The Thirteenth Tale by Diane Satterfield
I got this book from the library at the recommendation of a very bright, studious college freshman. It took me two weeks to make it through 70 or so pages, so I returned it unfinished. But it burrowed. It crept. It stayed. I bought it weeks later, started it over, and didn’t put it down until the end. Our beloved madwoman is a reclusive author who has commissioned the protagonist, an amateur biographer, to hear her story. We learn of an unfinished book, a ghost story, and a mysterious scar. To say more would be to take away from the novel’s power to surprise; to burrow, creep, and stay.
I am always hesitant to tell people what this book is “about,” as to do so always seems inadequate. Fingersmith is rightly heralded, as most of Waters’ fiction is, as a wonderful work of LGBT fiction, but that description is limiting. There’s an upstairs/downstairs element. As a harrowing glimpse of Victorian-age mental health practices, it is horrifying. As a love story, it is shattering. Fans of Downton Abbey who crave a little darkness are sure to be taken in.
Alias Grace by Margaret Atwood
Where to begin with an Atwood novel? And where to begin with an Atwood novel about a murderess? In both cases, a safe place to start is Atwood’s mad ability to turn gruesomeness into beauty with her delicious prose. There’s a murder, a prison, a psychiatrist, and lots of suffering: all the elements that add up to a perfect gothic tale, but Atwood’s style remains spare and her awareness thoroughly modern. Read it to marvel at its loveliness.

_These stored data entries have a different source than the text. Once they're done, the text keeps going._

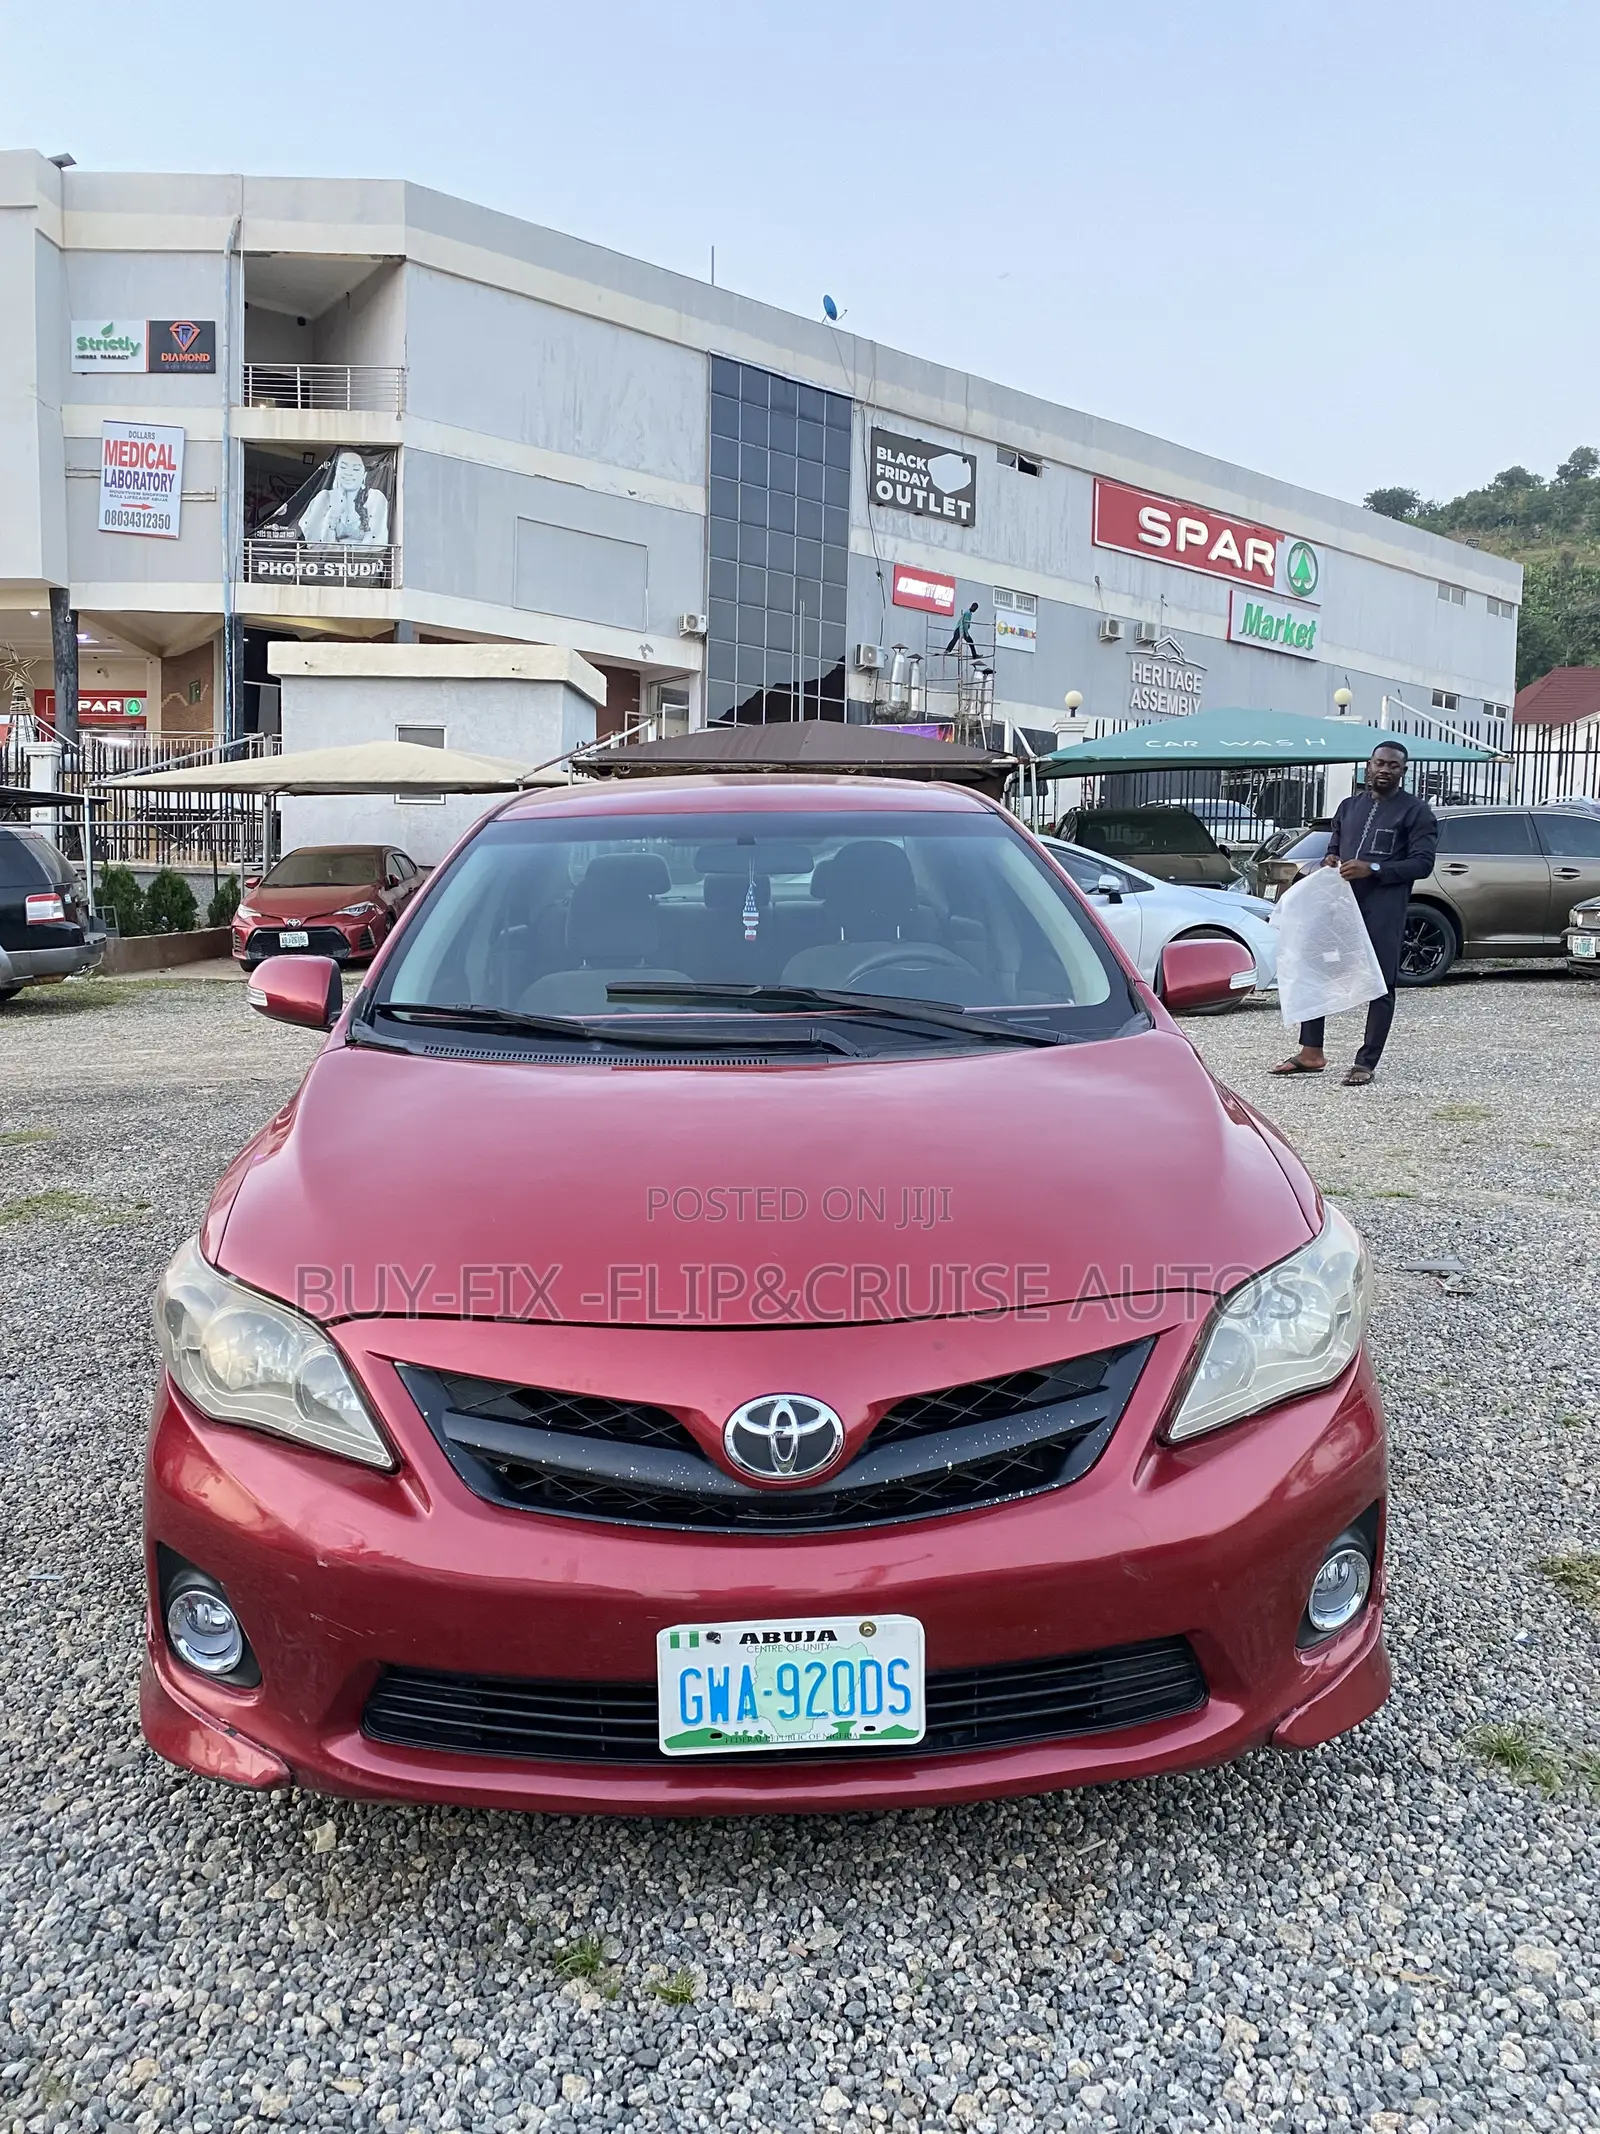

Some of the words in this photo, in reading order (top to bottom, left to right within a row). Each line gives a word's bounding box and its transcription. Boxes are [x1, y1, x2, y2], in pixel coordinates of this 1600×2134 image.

[76, 336, 141, 357] Strictly
[161, 353, 210, 363] DIAMOND
[128, 430, 156, 440] DOLLARS
[104, 439, 177, 471] MEDICAL
[876, 445, 927, 471] BLACK
[103, 468, 175, 493] LABORATORY
[876, 462, 930, 488] FRIDAY
[875, 480, 971, 520] OUTLET
[104, 509, 171, 530] 08034312350
[1137, 506, 1276, 577] SPAR
[258, 561, 318, 576] PHOTO
[1239, 602, 1317, 651] Market
[1130, 661, 1203, 694] HERITAGE
[78, 700, 122, 712] PAR
[1129, 687, 1202, 717] ASSEMBLY
[1145, 740, 1199, 748] CAR
[1219, 737, 1327, 748] WASH
[739, 1630, 838, 1645] ABUJA
[746, 1644, 783, 1654] CENTRE
[786, 1644, 802, 1652] OF
[803, 1642, 831, 1651] UNITY
[679, 1658, 912, 1726] GWA-920DS
[808, 1732, 821, 1741] OF
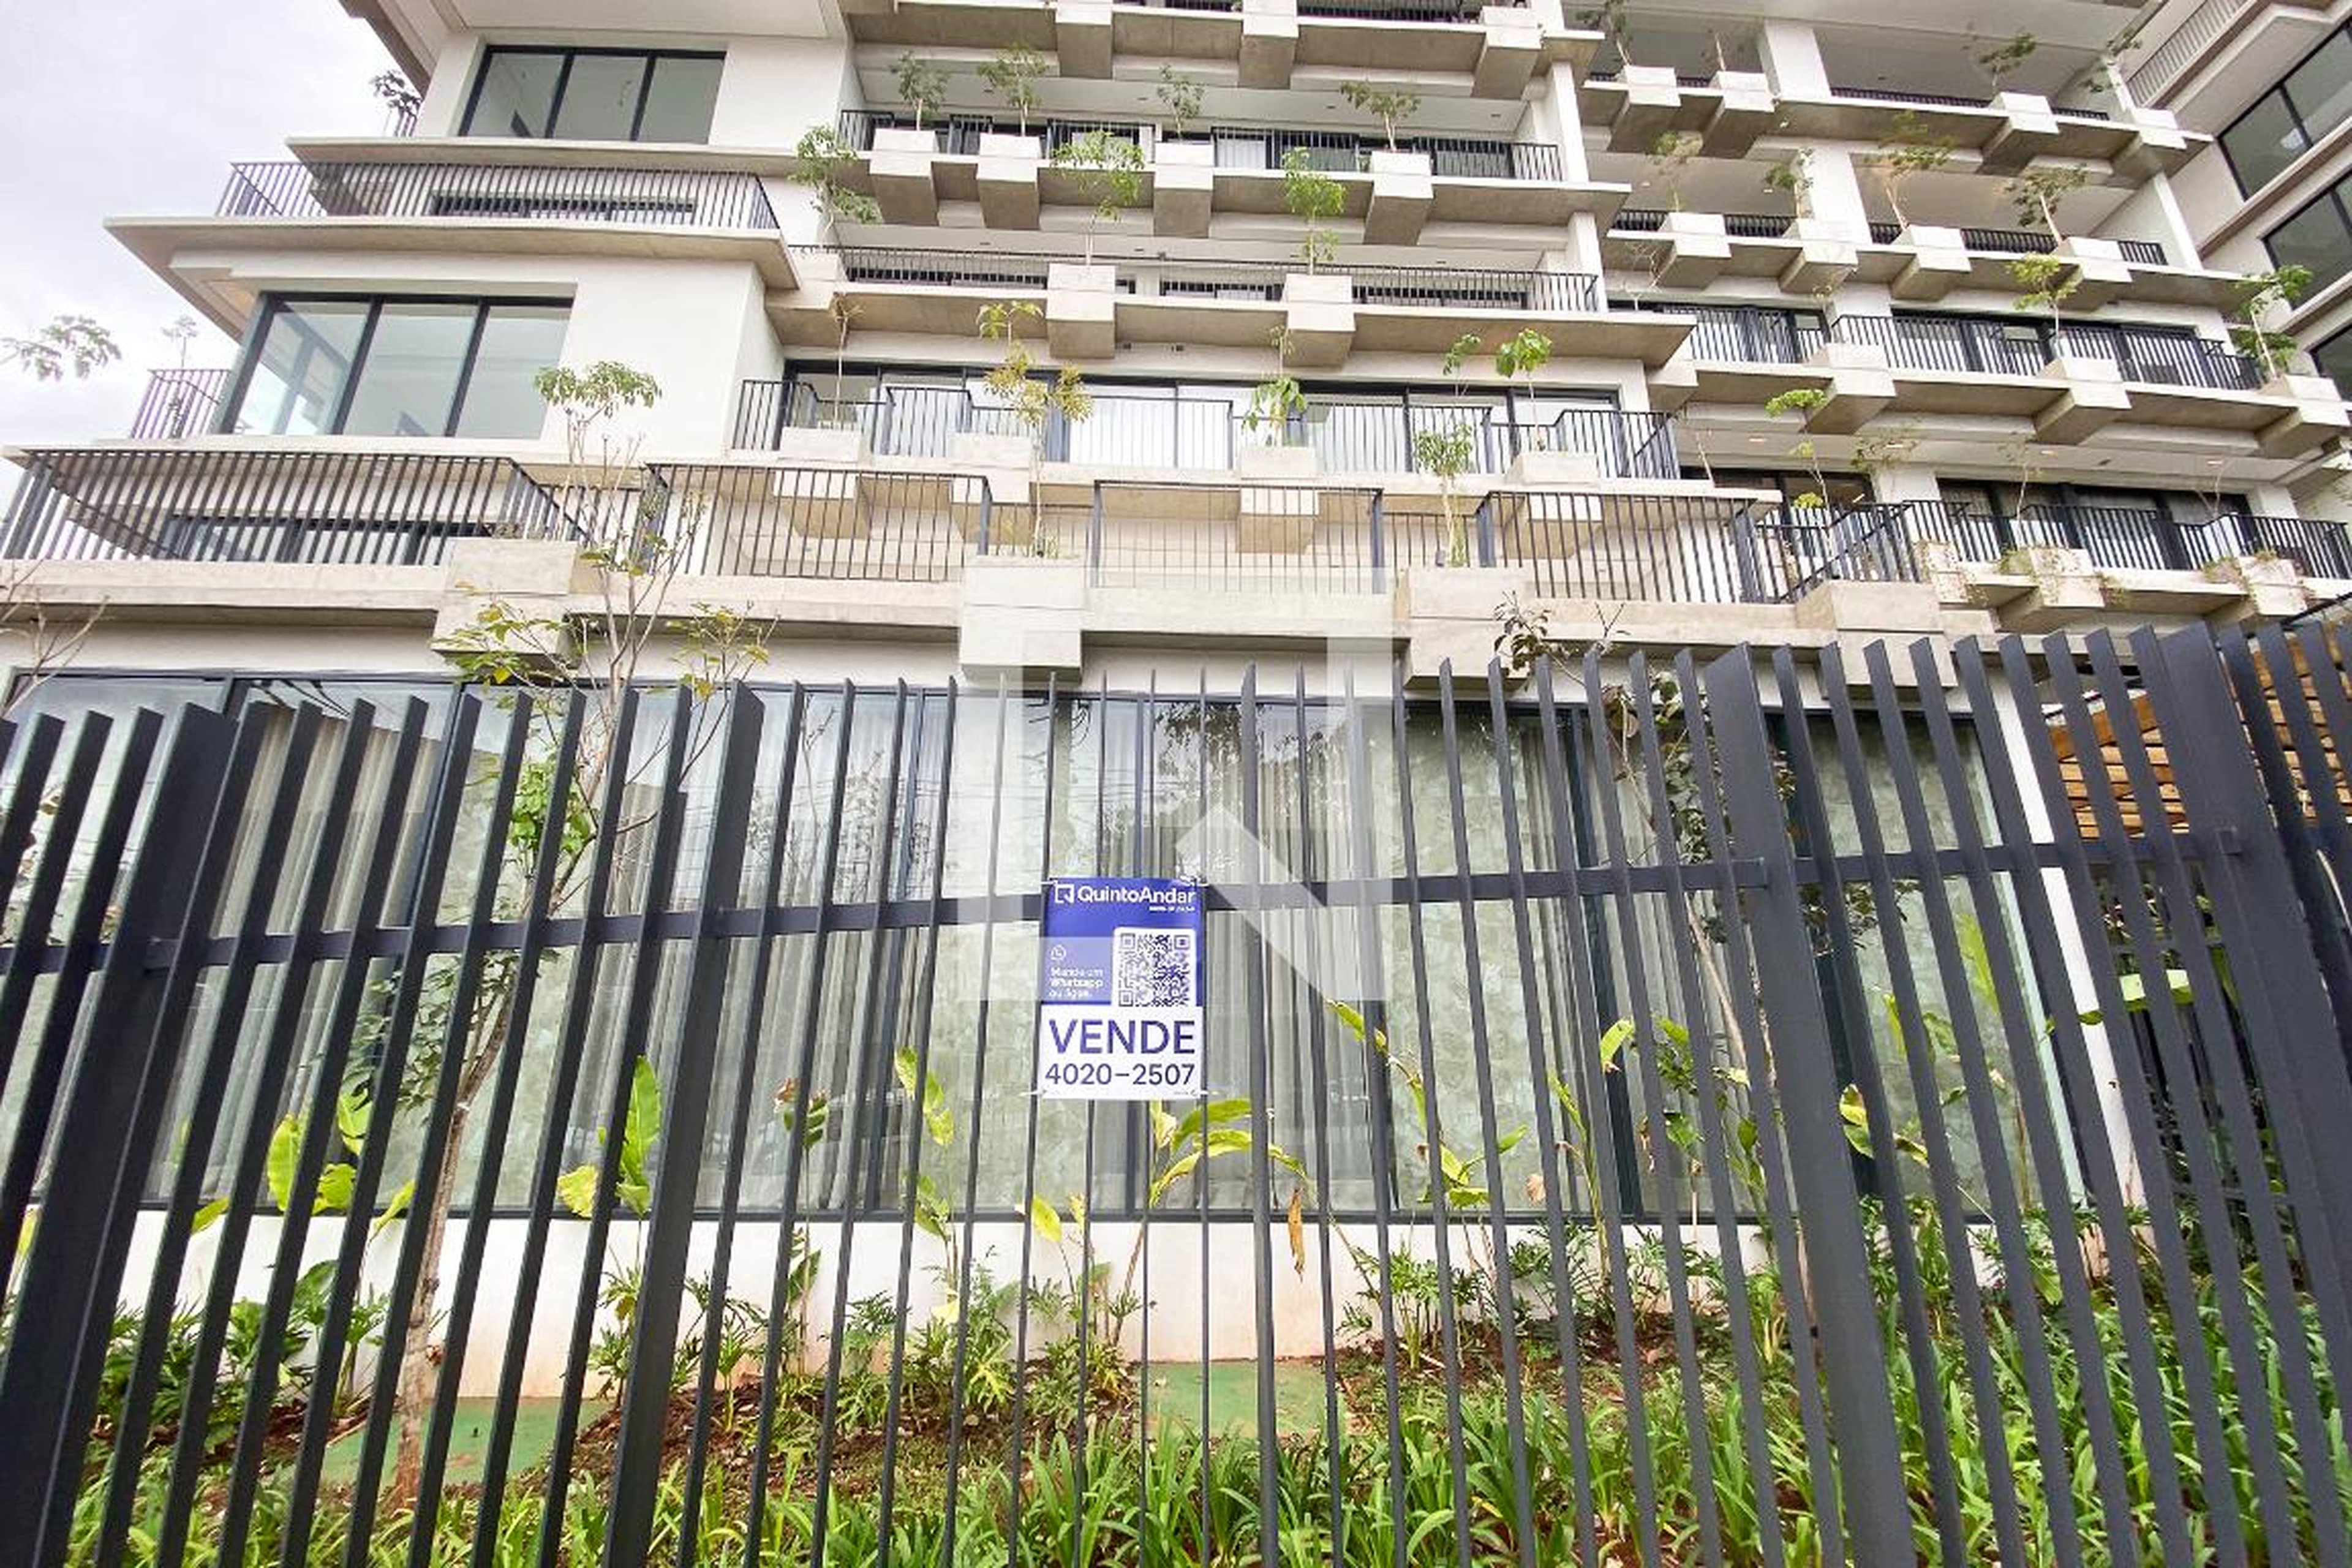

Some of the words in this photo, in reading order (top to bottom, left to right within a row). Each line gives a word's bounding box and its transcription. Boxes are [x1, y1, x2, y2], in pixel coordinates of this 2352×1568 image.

[1077, 886, 1196, 903] QuintoAndar
[1048, 1019, 1195, 1054] VENDE
[1045, 1063, 1195, 1085] 4020-2507
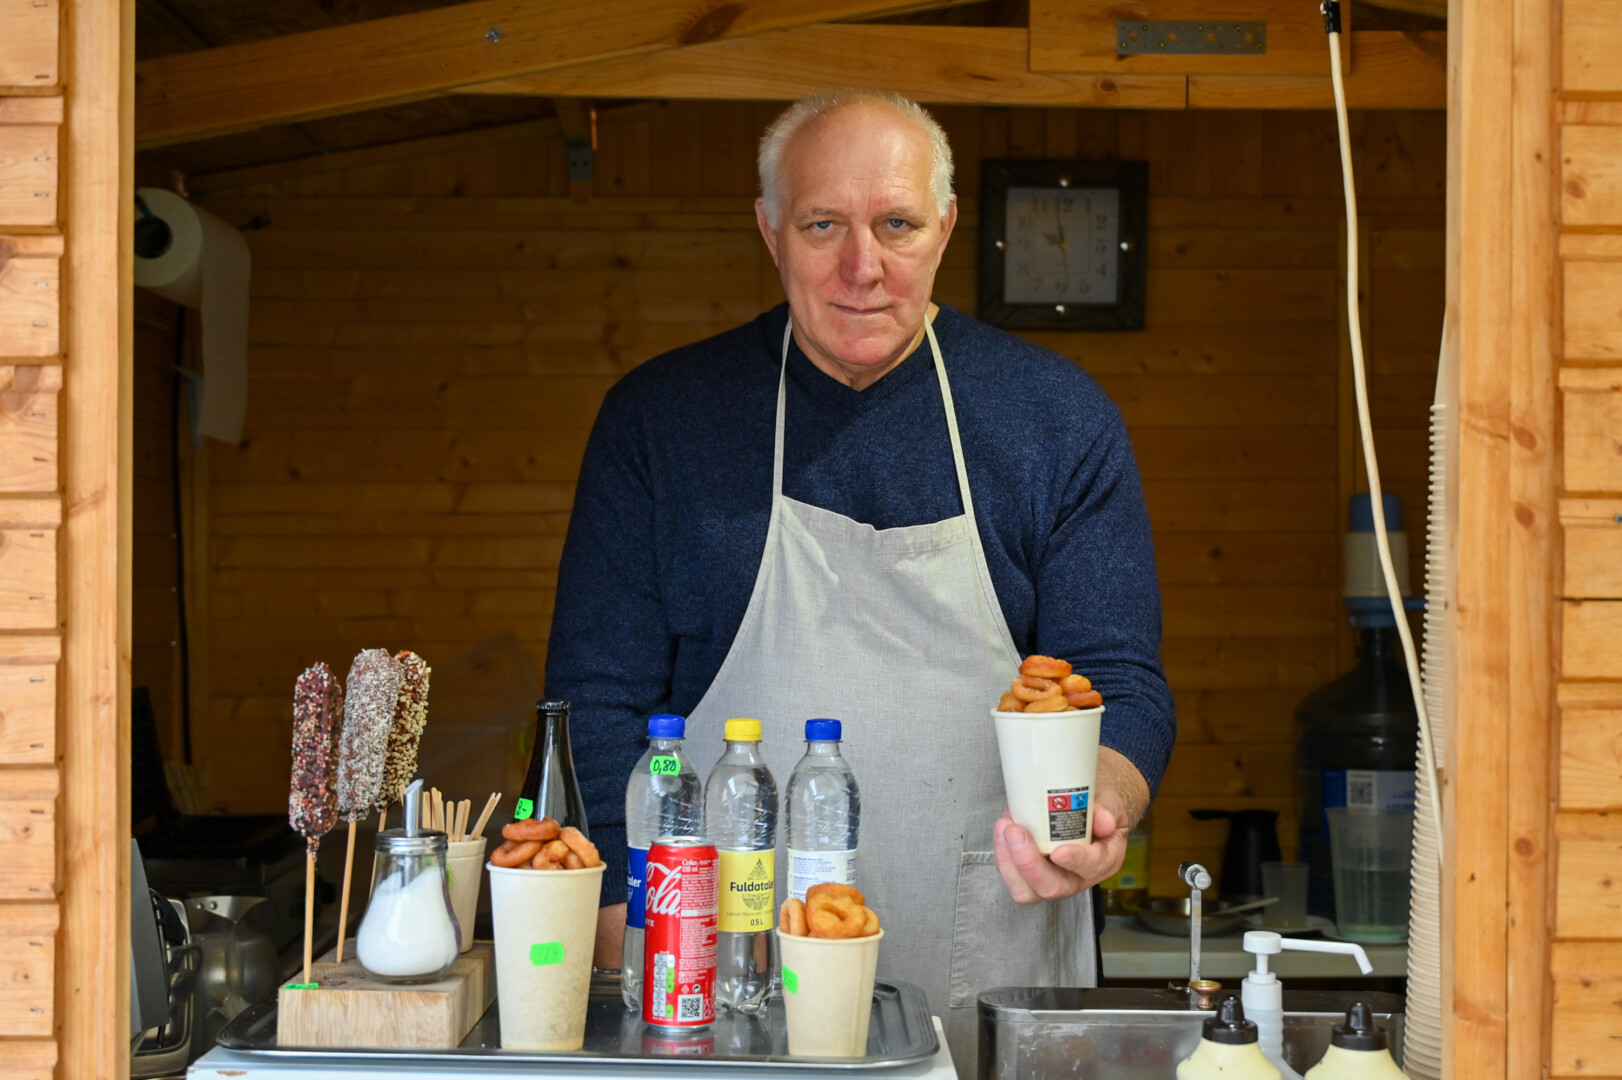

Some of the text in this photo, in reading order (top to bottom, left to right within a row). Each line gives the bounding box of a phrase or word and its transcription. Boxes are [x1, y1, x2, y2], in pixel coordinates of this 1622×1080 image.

Bonus Round: Boys for Pele by Tori Amos
Boys for Pele is obviously not a book, but I could (would, in fact, love to) write a lengthy paper defending my argument that this album, released in 1996, is a modern take on the Southern gothic.Taking into account the artwork, the lyrics, and the overall mood, it has all the right elements: a woman scorned; sex; the devil; and a madwoman who’s come down from the attic and sits, armed, on the front porch of her creepy old house. Songs like “Father Lucifer,” “Professional Widow,” “Little Amsterdam,” and “In the Springtime of His Voodoo” in particular call to mind the intersection of sex, faith, race, and violence in the South that we see in the works of such writers as Flannery O’Connor, Anne Rice, the very popular Charlaine Harris, and even Jesmyn Ward in her gorgeous, National Book Award-winning novel, Salvage the Bones.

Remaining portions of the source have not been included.